1903 Barre Tonneau 4 Seater
Lot 202
c. 1903 Barré Twin-Cylinder Four-seat Tonneau Chassis no. 15690 (see text) Engine no. 104B
Sold for £133,660 (US$ 224,524) inc. premium
Lot Details
c. 1903 Barré Twin-Cylinder Four-seat Tonneau
Coachwork by Labourdette

Chassis no. 15690 (see text)
Engine no. 104B


  • In the early days of the French motor industry, prior to the emergence of a handful of dominant makes, regional producers such as Barré were held in high regard; indeed in the early years of the 20th Century Barré was a much greater commercial success than Renault. Company founder Gaston Barré started out as a gunsmith before opening a bicycle repair shop in Niort, a town in the Deux-Sèvres department of western France some 40 miles inland from La Rochelle. In 1894 he turned to the manufacture of bicycles and was quick to recognise the potential of the automobile, building first tricycles and then quadricycles powered by engines supplied by De Dion, Perfecta and Daniels.

    With financial backing from a wealthy local landowner, Barré moved into larger premises in Niort, in the Avenue de la République, from which the first voiturettes began to emerge around 1899. Two years later the Barré voiturette gained a Gold Medal at l'Exposition Universelle in Paris, awarded for its quality and performance. By 1902 Barré was in a position to offer models of 6, 8, 10 and 12hp, using power units supplied by De Dion, Aster and Buchet. The firm's first four-cylinder model, powered by a Ballot engine, arrived in 1905. At this time Barrés were still assembled mainly from bought-in components and their distribution remained regional. Like those of Renault, all Barré cars had shaft final drive, though some of its commercial vehicles used chain.

    Seeking ways to stimulate demand, Barré pioneered the concept of 'after sales' service in France and supported its customers in the many sporting trials of the day in an effort to drum up publicity. Capitalising on its best results, Barré launched the 'Château-Thierry' model in 1908 following victory in the eponymous race while the cumbersomely named 'Reliability Trials' 10hp model resulted from success in a 1909 endurance test.

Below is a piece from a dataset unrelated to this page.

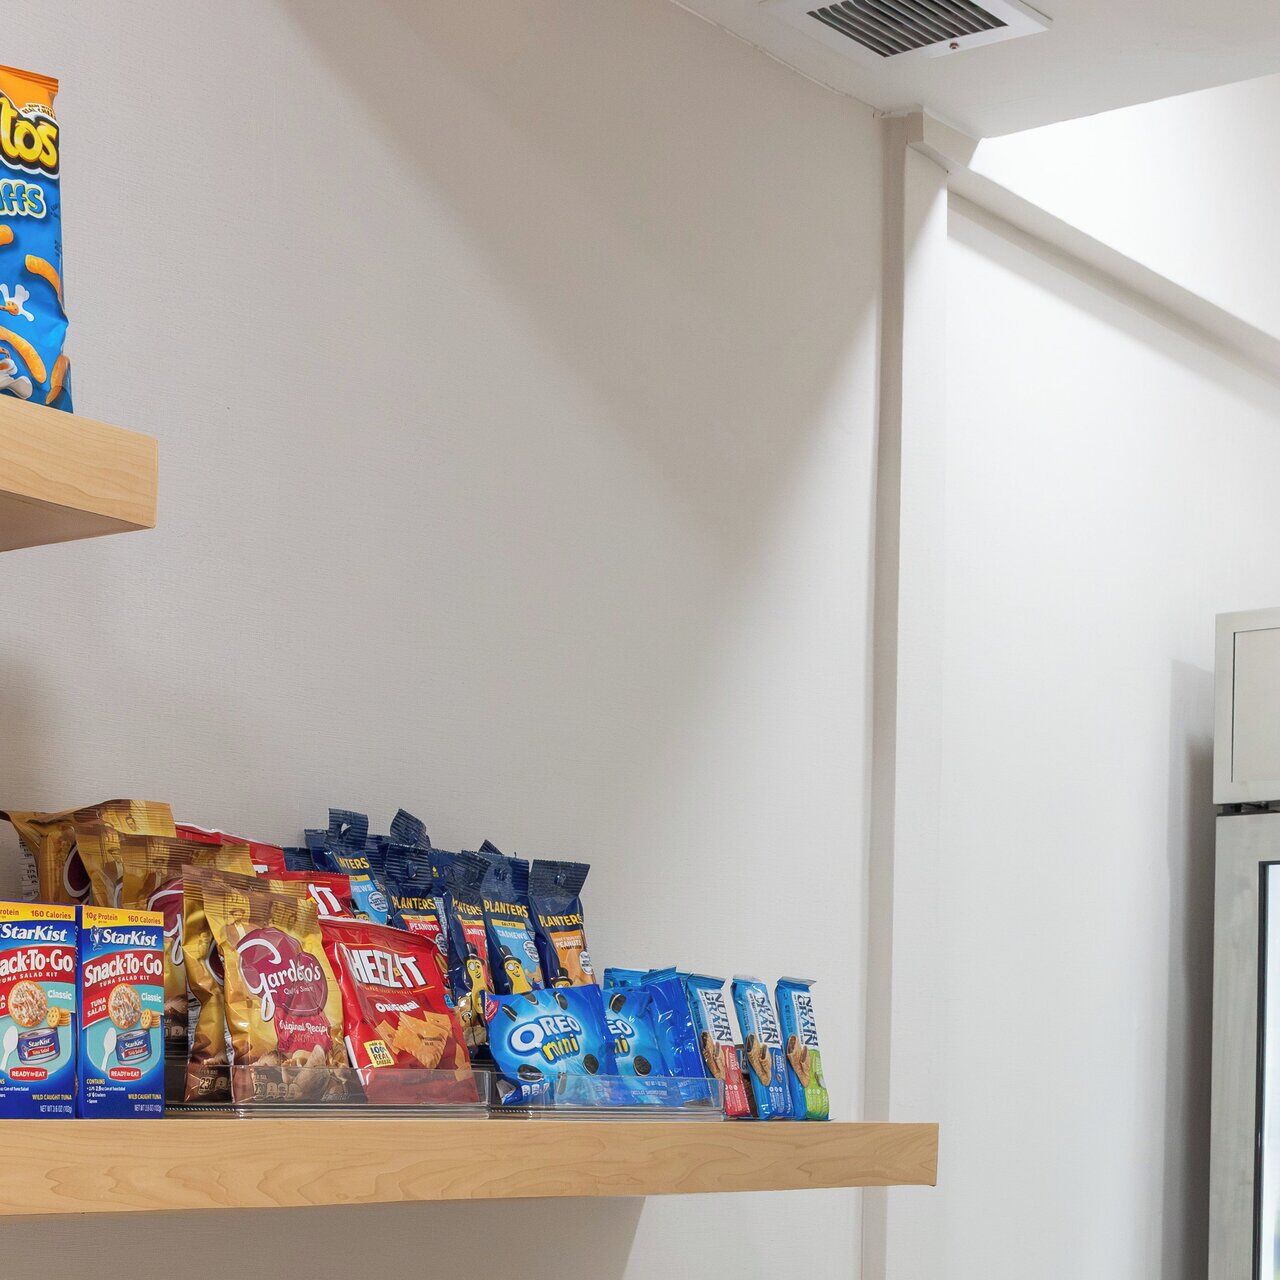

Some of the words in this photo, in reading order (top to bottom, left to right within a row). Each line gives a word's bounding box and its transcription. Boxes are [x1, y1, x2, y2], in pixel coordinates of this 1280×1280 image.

    Barré's raised profile was reflected in the opening of a Paris office and the fact that its products were now more widely available throughout France and beyond its borders. By this time more of the car was manufactured in house, with fewer components bought in, and some models were offered with Barre's own engines. Adhering to what by now was established practice, the 8hp light car was renamed 'Tour de France' in 1912 after three Barrés, painted red, white and blue, finished in joint 1st place, though this seeming domination was more apparent than real as they shared that honour with several dozen other competitors, such was the nature of the event!

    During WWI, Gaston Barré made a fortune manufacturing munitions and military vehicles, but appears not to have reinvested these profits in his company when hostilities ceased. Although well built and virtually indestructible, qualities that appealed to its mainly provincial clientele, Barré cars remained essentially Edwardian in design. Gaston Barré took more of a back seat as production declined, eventually ceding day-to-day control to his son Maxime and a major shareholder, Mr Lamberthon. Following Lamberthon's withdrawal, the company was financially restructured in 1927 as Société Anonyme des Automobiles Barré. The underlying problems associated with an outdated and conservative model range remained however, and in 1933 the receivers were called in. Total production of Barré cars and commercial vehicles is estimated at between 2,500 and 3,000.

    Produced by a French make that was once a byword for quality and reliability, we are advised this Barré tonneau was bought from a family in Brussels who had owned it since the 1950s. They used the car frequently in the 1960s for rallies such as the Paris-Vienna, and also drove it all the way from Brussels to Switzerland where they had another home.

    More recently, the car was serviced by a well-respected engineer and the gearbox rebuilt. Presented in very good condition, the four-seat tonneau body is by Henri Labourdette of Paris, one of the oldest of French coachbuilders with a reputation for quality second to none. It should be noted that although the accompanying Belgian title document lists the chassis number as '15690', the non-original copper plate on the scuttle records the chassis type as 'B N° 72'. The plate also states the engine as being 12hp but we are unable to confirm this.